■ Source records ■
========================

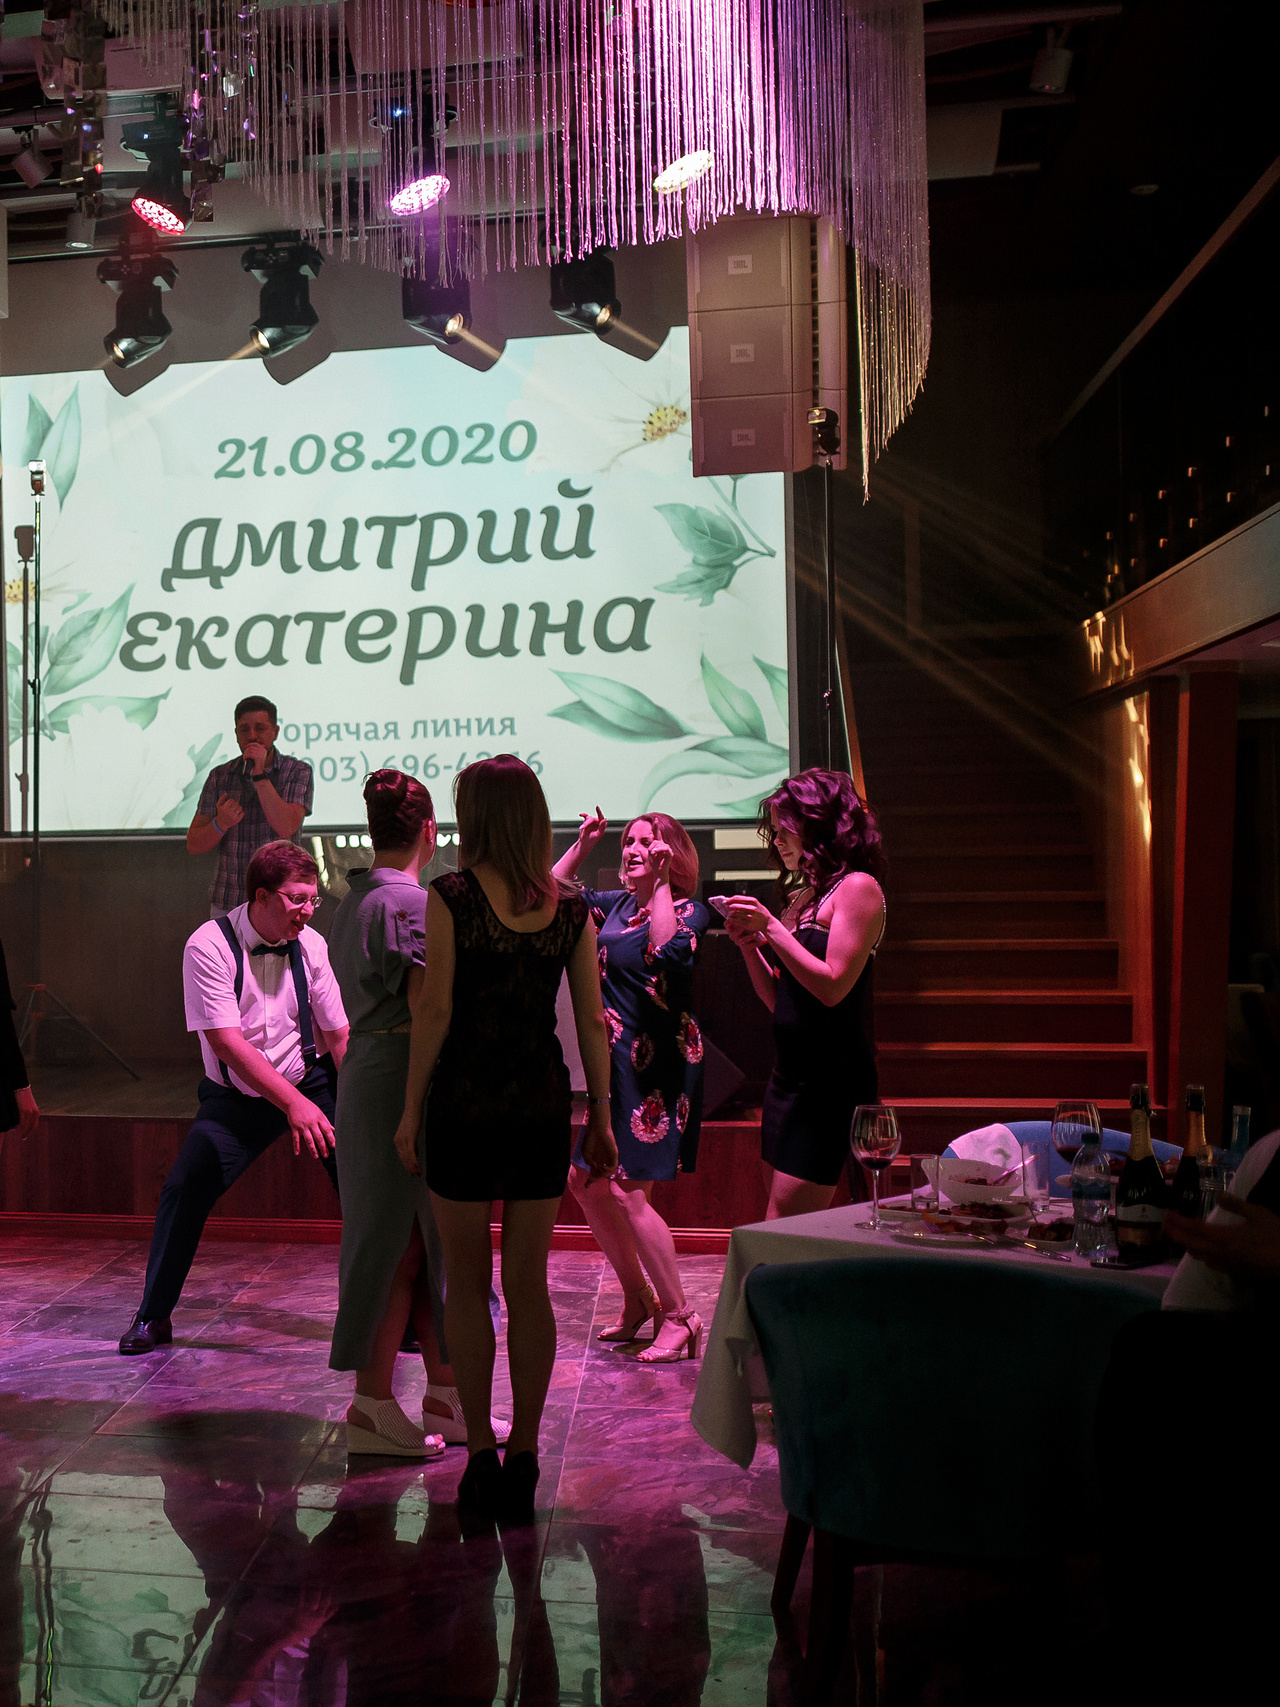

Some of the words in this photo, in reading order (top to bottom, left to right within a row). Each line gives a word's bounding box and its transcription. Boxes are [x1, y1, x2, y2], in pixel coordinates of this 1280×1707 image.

[213, 419, 538, 480] 21.08.2020
[160, 478, 596, 593] Дмитрий
[119, 595, 656, 686] Екатерина
[277, 717, 401, 750] орячая
[410, 716, 518, 740] линия

========================

■ Work instructions ■
Except for the pictures, write the data out exactly.

■ Written answer ■
Some of the words in this photo, in reading order (top to bottom, left to right within a row). Each line gives a word's bounding box and its transcription. Boxes are [x1, y1, x2, y2], in pixel coordinates of this 1280×1707 image.

[213, 419, 538, 480] 21.08.2020
[160, 478, 596, 593] Дмитрий
[119, 595, 656, 686] Екатерина
[277, 717, 401, 750] орячая
[410, 716, 518, 740] линия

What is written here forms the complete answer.